To do » When you restate the data, keep every word as it is and drop the images.

Exercise data »
════════
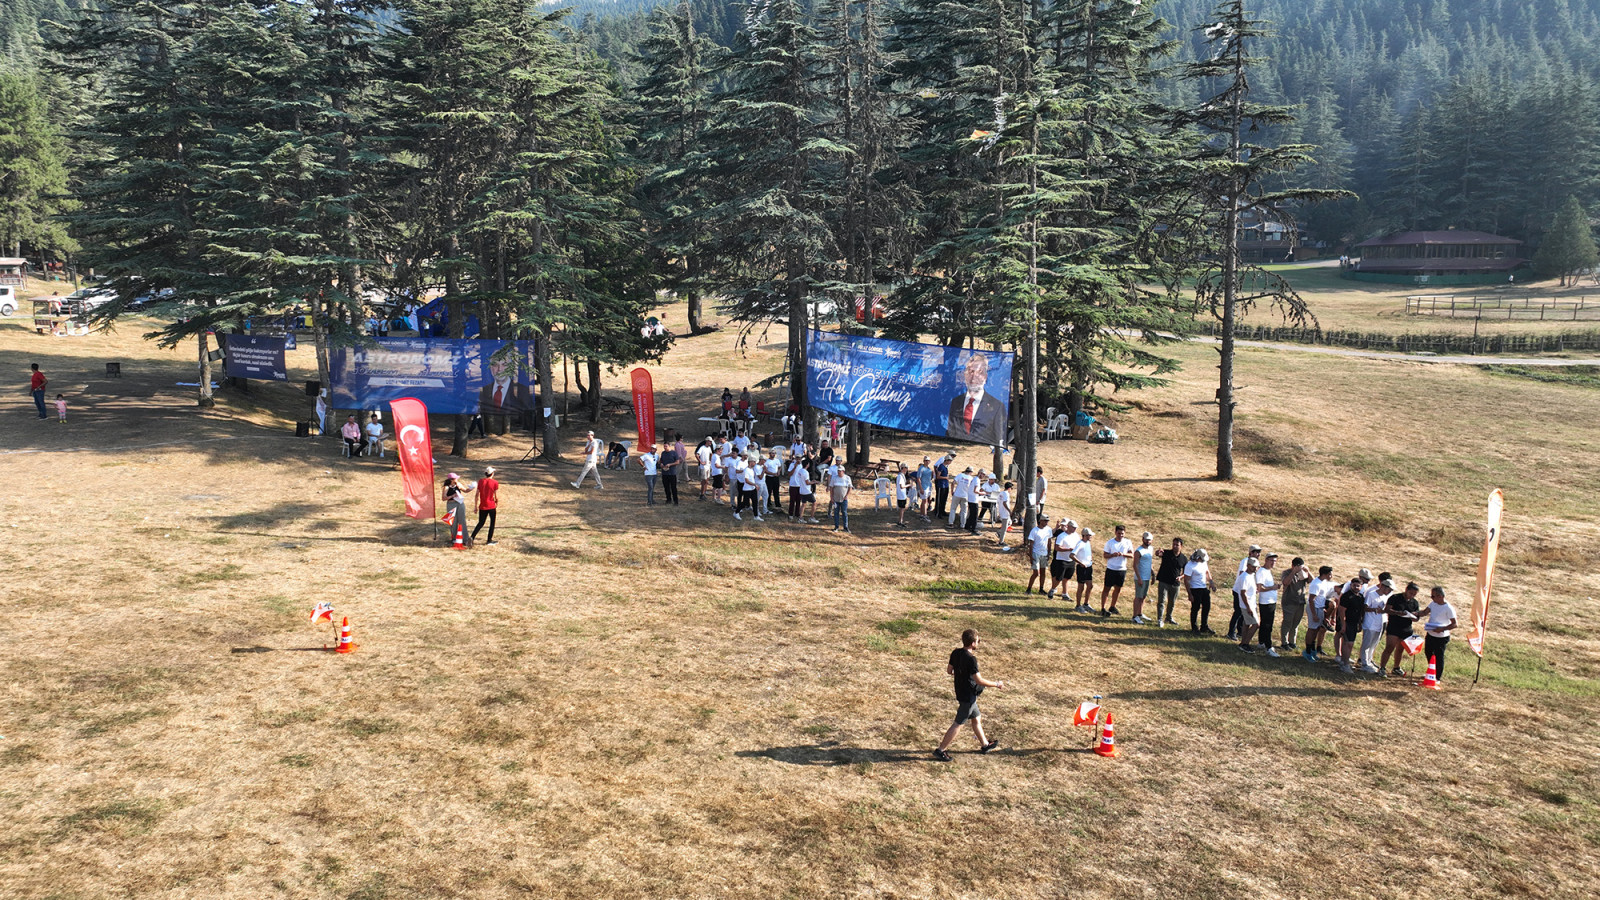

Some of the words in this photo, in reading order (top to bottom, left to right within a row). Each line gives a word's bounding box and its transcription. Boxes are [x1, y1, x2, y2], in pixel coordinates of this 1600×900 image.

[352, 350, 463, 366] ASTRONOMİ
[807, 358, 852, 377] ASTRONOMİ
[816, 368, 847, 402] Hoş
[849, 372, 911, 415] Geldiniz
════════
Reply »
Some of the words in this photo, in reading order (top to bottom, left to right within a row). Each line gives a word's bounding box and its transcription. Boxes are [x1, y1, x2, y2], in pixel coordinates of this 1600×900 image.

[352, 350, 463, 366] ASTRONOMİ
[807, 358, 852, 377] ASTRONOMİ
[816, 368, 847, 402] Hoş
[849, 372, 911, 415] Geldiniz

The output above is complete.